19 ago 2014

NO ERA TAN SIMPLE NI TAN LINEAL

Derechos Humanos
14.08.2014

Estados Unidos pretendería enviar presos de Guantánamo a América del Sur a cambio de ventajas económicas

Marcela Belchior
Adital

La organización estadounidense de derechos humanos Open Society Justice Initiative (OSJI), con sede en Nueva York y actuación en varios países, denuncia que la Agencia Central de Inteligencia (CIA) de Estados Unidos quiere que Brasil, Colombia y Uruguay reciban prisioneros del Centro de Detención de Bahía de Guantánamo, en Cuba. El acuerdo sería enviar los presos a los tres países a cambio de ventajas económicas, secretamente.

Según la OSJI, la CIA ya habría instalado prisiones secretas en por lo menos 54 países que cooperaron con secuestros, detenciones, torturas y ejecuciones de autoría de la Agencia, después de los ataques del 11 de septiembre de 2001. Ahora, el Presidente de Estados Unidos, Barack Obama, pretendería contar con el apoyo sudamericano para recibir a personas detenidas, que son presumiblemente inocentes, pero que desde hace por lo menos 12 años están sometidas a tratamientos crueles, degradantes e inhumanos.

La intención es que esos presos lleguen a los países como hombres libres y en pleno ejercicio de sus derechos humanos, en calidad de refugiados o asilados políticos.

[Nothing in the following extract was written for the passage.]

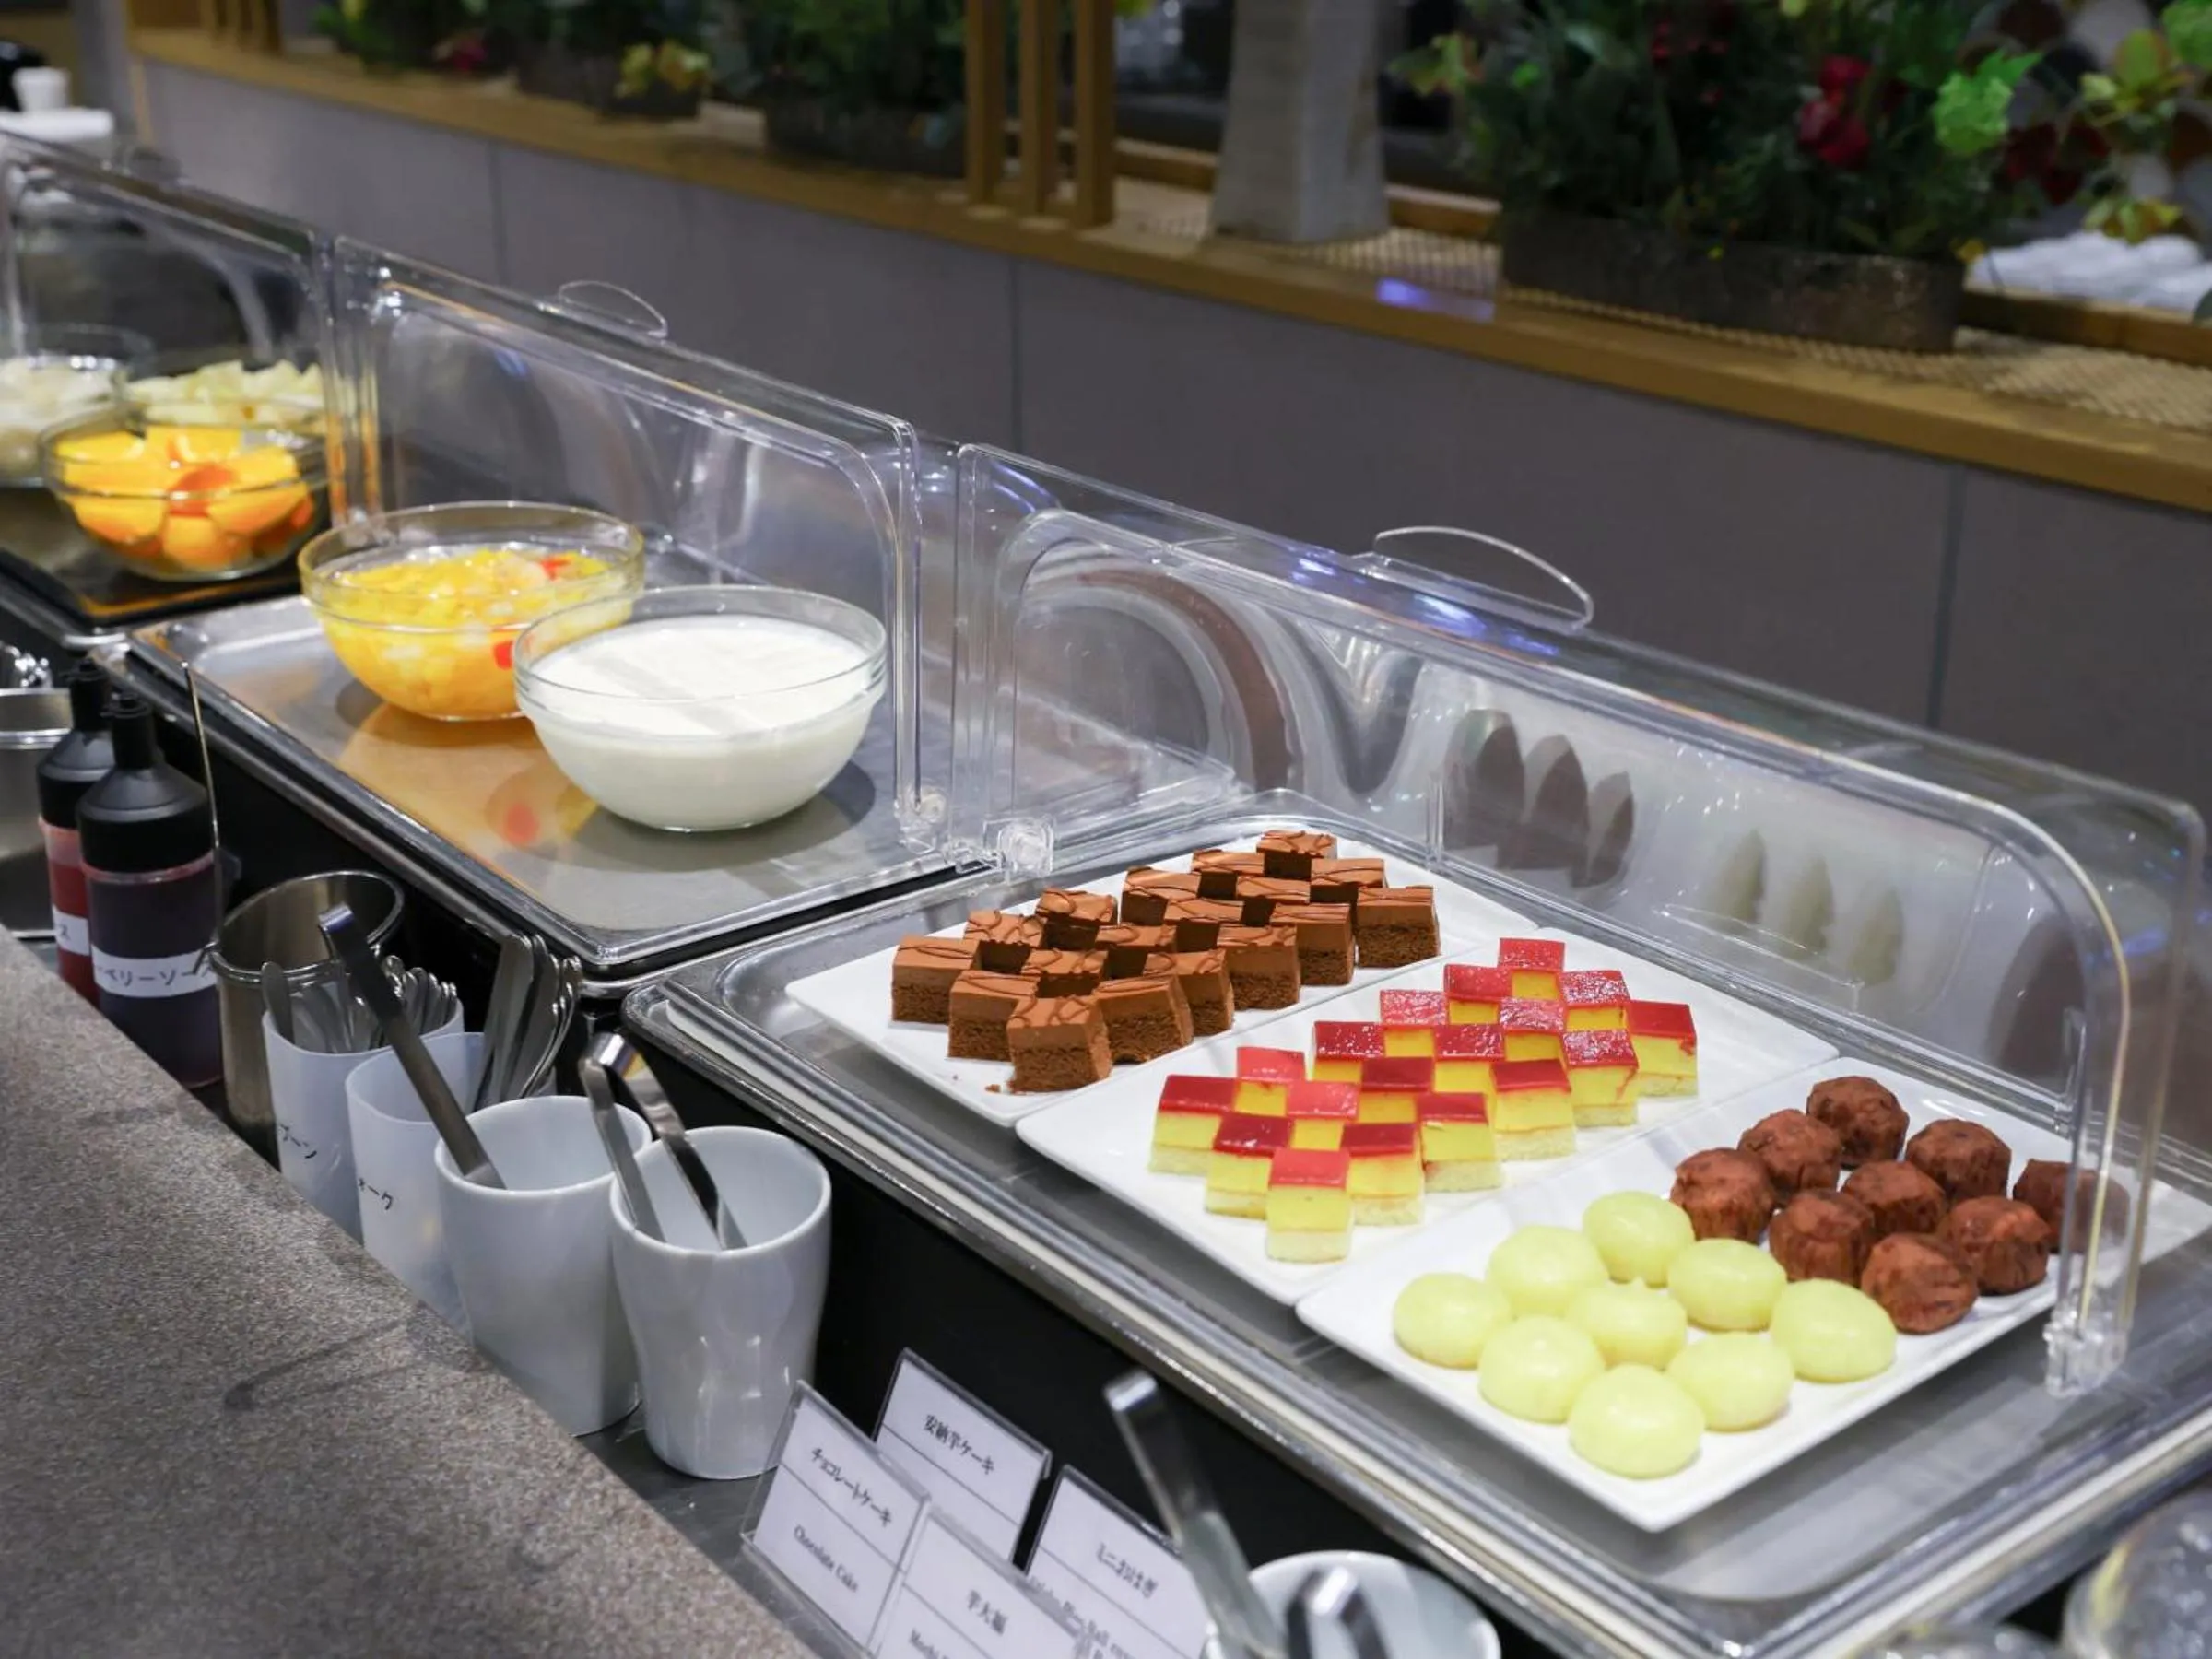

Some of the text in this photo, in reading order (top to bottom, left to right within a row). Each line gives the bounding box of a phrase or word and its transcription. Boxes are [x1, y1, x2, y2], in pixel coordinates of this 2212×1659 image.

[811, 1447, 893, 1528] チョコレートケーキ

Aún así, la organización señala que la CIA planearía instalar otras prisiones clandestinas en los tres países. "Simplemente les convertiría en cómplices de las actividades ilegales e inhumanas de la CIA”, observa la OSJI en el informe.

La organización destaca que la CIA ha cometido en América Latina diversos delitos de lesa humanidad, como genocidios, desapariciones forzadas de personas y secuestros. Agentes de Estados Unidos fueron y permanecen siendo torturadores oficiales y extraoficiales, perseguidores y colaboradores de fuerzas armadas y policiales, que se caracterizaron por la crueldad en la ejecución de graves delitos. "Además, han sido cómplices y beneficiarios de las corrupciones de gobiernos dictatoriales y han sido ejecutores de políticas narcotraficantes porque la CIA ha sido y es un poderoso e intocable cartel del narcotráfico internacional”, acusa la organización.

La OSJI afirma que la responsabilidad de las violaciones de los derechos humanos de los detenidos en Guantánamo no se restringe al Gobierno de Estados Unidos. Las operaciones de detenciones secretas y acciones extraordinarias, elaboradas para realizarse fuera del territorio estadounidense, no podrían ser ejecutadas sin la participación activa de gobiernos extranjeros.

De acuerdo con la organización, la lista de esos Estados incluiría a Pakistán, Afganistán, Egipto y Jordania, donde existieron cárceles secretas, en las que fueron practicadas torturas a lo largo de varios años. Países como Irlanda, Islandia y Chipre son acusados de haber concedido ayuda oculta a la CIA, al permitir el uso de su espacio aéreo y sus aeropuertos en operaciones de la Agencia.

La Open Society también relata que Canadá no sólo habría permitido el uso de su espacio aéreo, sino también proporcionado información sobre ciudadanos canadienses. Muchos de los países de la lista son europeos. Alemania, España, Portugal y Austria están entre ellos, mientras que Francia, Países Bajos, Rusia y Hungría no aparecen. Polonia, Lituania y Rumania también habrían colaborado, albergando prisiones secretas en su territorio. También Georgia es acusada de haber participado en una operación estadounidense.

La pretensión es desactivar la prisión

Desde que fue creado, en 2002, el Centro de Detención de Bahía de Guantánamo, prisión militar estadounidense situada en Cuba, ya recibió más de 800 personas, presas bajo alegación por parte de Estados Unidos de terrorismo. Los detenidos, sin embargo, nunca fueron acusados formalmente ante la Justicia del país. Desactivar el campo de detención ha sido uno de los principales proyectos defendidos por Obama. En abril de este año, la aceptación del Gobierno de Uruguay para recibir cinco presos en calidad de refugiados generó controversia entre la población uruguaya.

Con informaciones del Centro de Estudios Políticos para las Relaciones Internacionales y el Desarrollo (Ceprid).